The Face in the Pool

 

The title has everything to do with today’s post and not because I found myself looking at some pool (I wish I did). I just found myself encoding a Reading Comprehension Test with that title… and English Reading Comprehension Test…for my ALS learners.

Twelve years ago, I entered the gates of West Visayas State University to start my preparation for a lifetime career as an English teacher. I love English as a language. I love learning about its nuances, its forms, its structures… I especially love all the literatures we studied. It was in the midst of English teachers and those aspiring to become English teachers that my philosophy of education has been formed. The entire learning experience shaped a lot of my beliefs, my ideals, my strange easy acceptance of the world.
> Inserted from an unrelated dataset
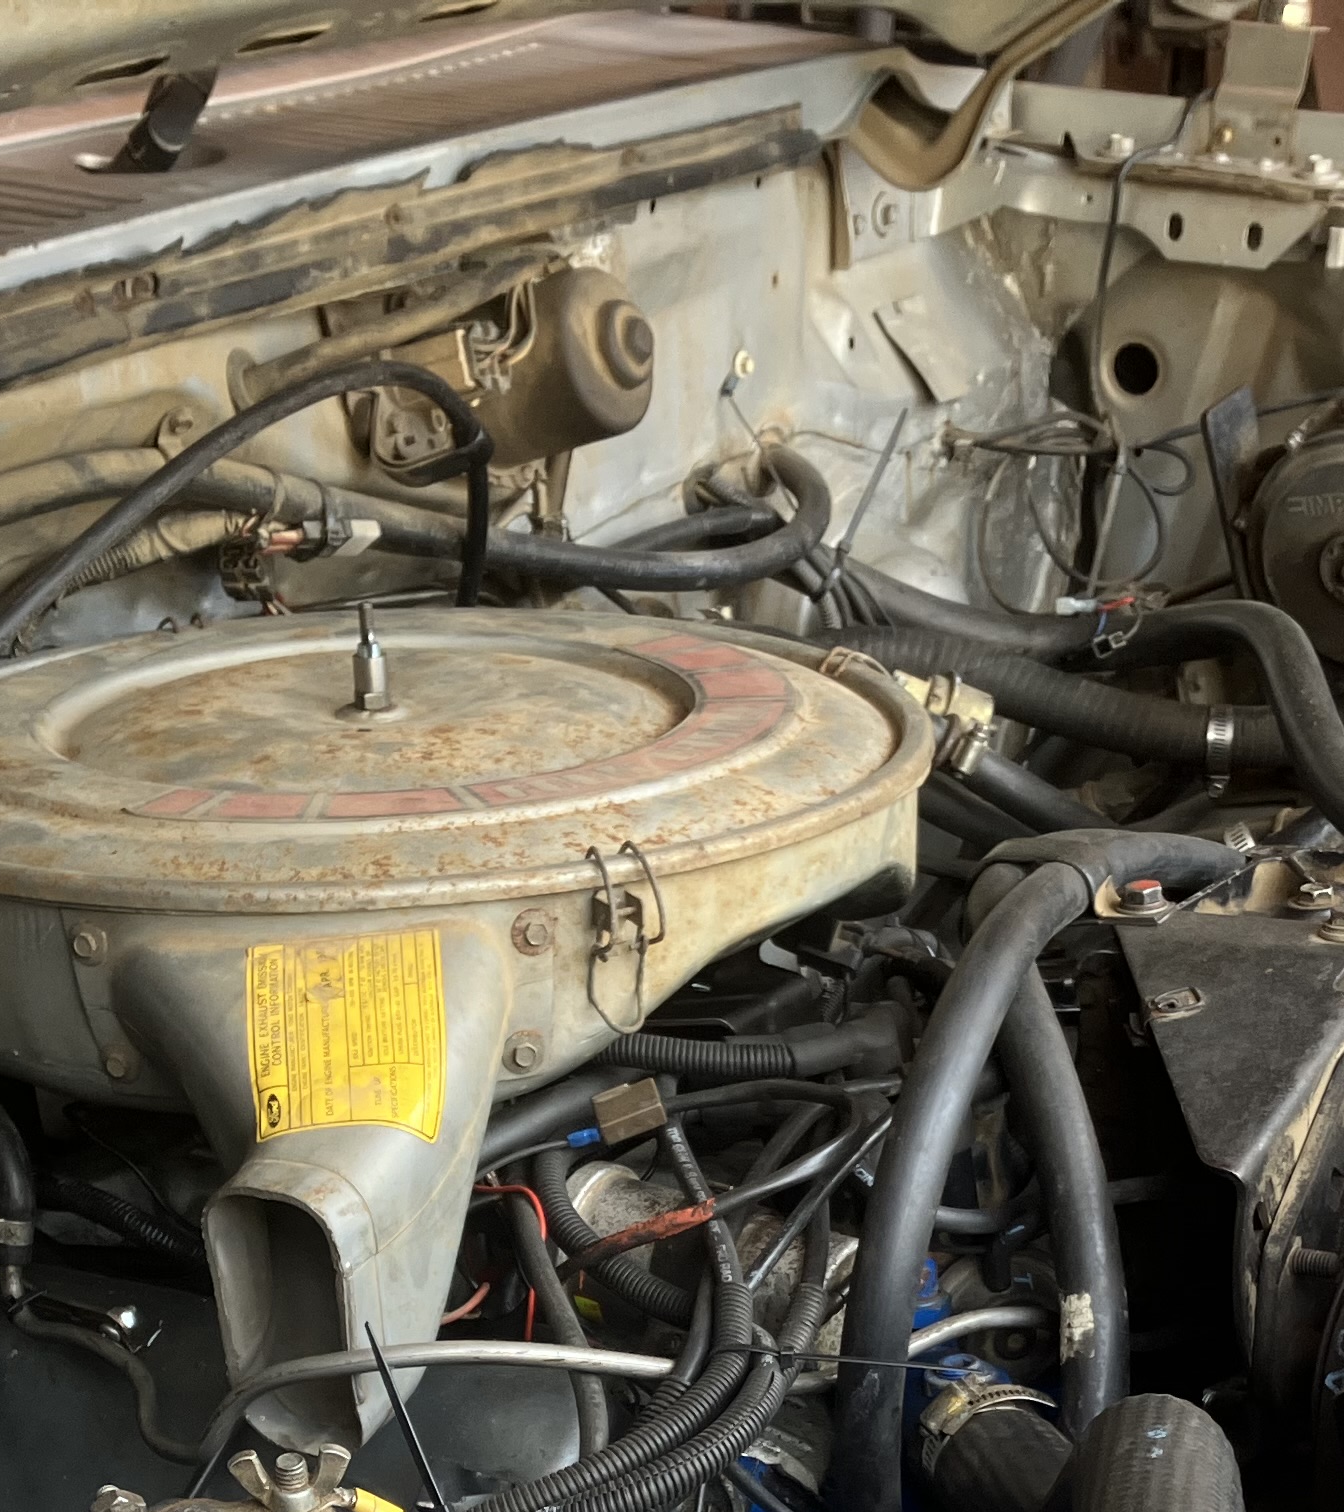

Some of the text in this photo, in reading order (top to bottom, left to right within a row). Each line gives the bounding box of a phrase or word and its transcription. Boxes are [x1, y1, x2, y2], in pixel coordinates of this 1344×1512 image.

I left WVSU as a proficient graduate and future English teacher (yes, I am that confident).

Then, five years ago, I found myself (sometime around this month or so too) rolling all over our floor, crying, thinking and pondering deeply. I was already a secondary school English teacher for three years back then, contracted with the Local School Board of our Local Government Unit and assigned to teach in my Alma Mater – Passi National High School. However, it was not a national item and for a teacher, teaching in a public school is a must, a necessity to safeguard not only one’s future but that of her family’s.

An offer I could not resist was placed before me. There was an item for an ALS Mobile Teacher. Back then, I was also working under contract with the ALS service provider in our division as an Instructional Manager, teaching out of school youth and adults. It took me months to ponder that decision. I told myself that when I make this leap, there would be no going back. I told myself that it would still be “teaching” and teaching is really the one I love… it does not matter what I teach as long as I am teaching. I still cried, because it also meant I would be giving up something I love too. It’s like loving marriage but getting married to a person you do not love and expecting that you will just learn to love him in the end.
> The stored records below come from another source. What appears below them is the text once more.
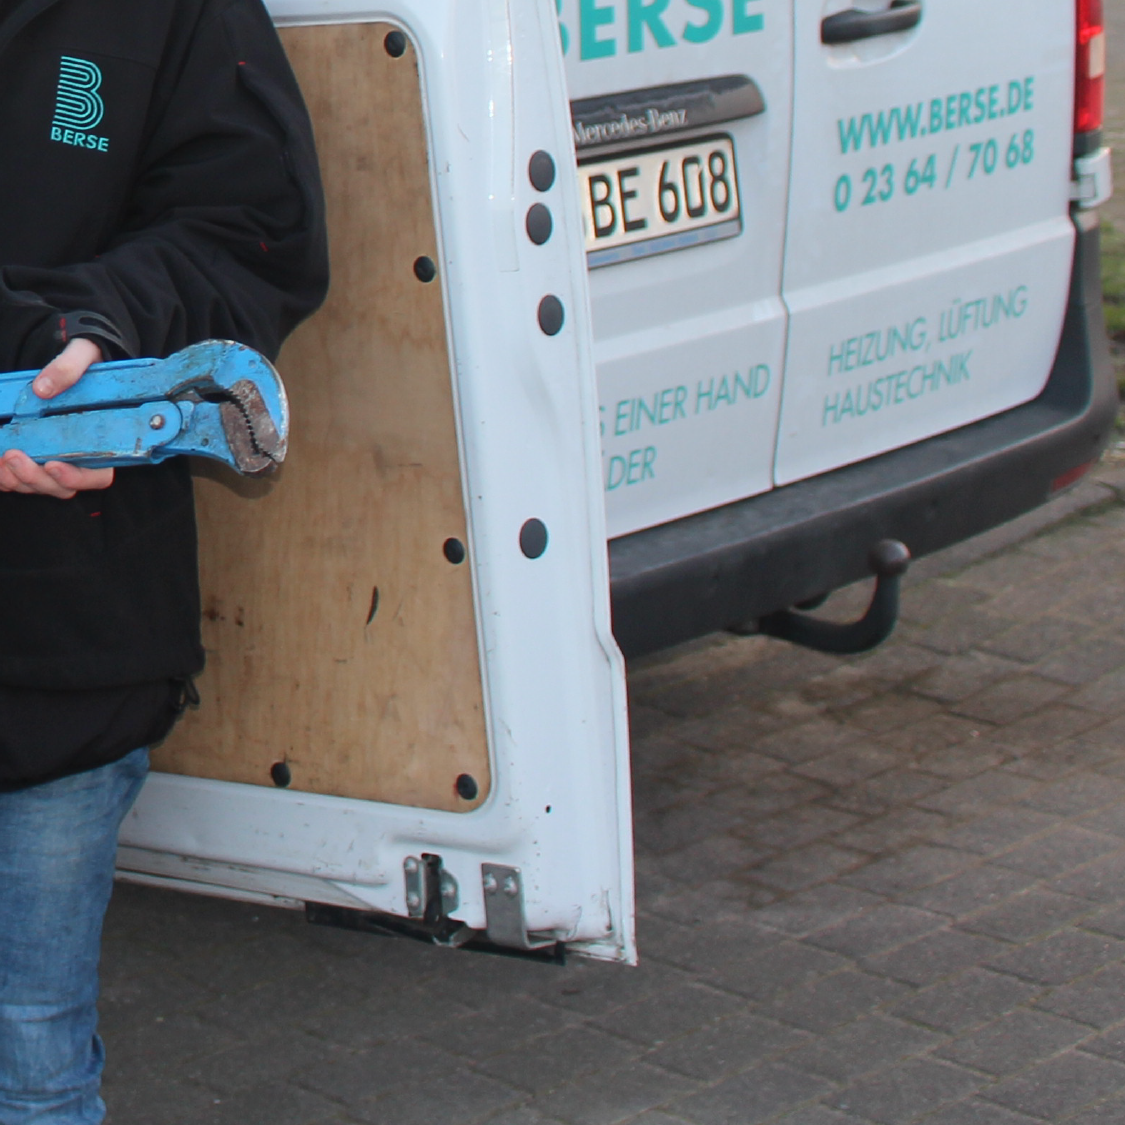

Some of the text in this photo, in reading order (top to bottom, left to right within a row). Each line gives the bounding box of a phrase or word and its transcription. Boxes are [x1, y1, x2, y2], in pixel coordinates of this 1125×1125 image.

[50, 126, 110, 153] BERSE
[837, 76, 1035, 156] WWW.BERSE.DE
[588, 150, 732, 240] BE 608
[860, 163, 895, 207] 23
[903, 153, 937, 196] 64
[967, 138, 998, 179] 70
[1005, 128, 1035, 169] 68
[827, 284, 1029, 379] HEIZUNG, LÜFTUNG
[614, 385, 688, 437] EINER
[695, 363, 772, 415] HAND
[822, 349, 974, 427] HAUSTECHNIK
[601, 445, 657, 492] DER
On January 4, 2010, I became an ALS Mobile Teacher.

And now, honestly, I am hurting. It took a reading exercise in a Grade 6 book to open the wound that I have kept bandaged for four years. I feel so hurt now, so disappointed with what I have become. I feel so sad and I keep thinking about what I told myself five years ago. I told myself that whatever decision I made, I would never regret it.

And here I am, wondering if I am actually regretting the decision I made.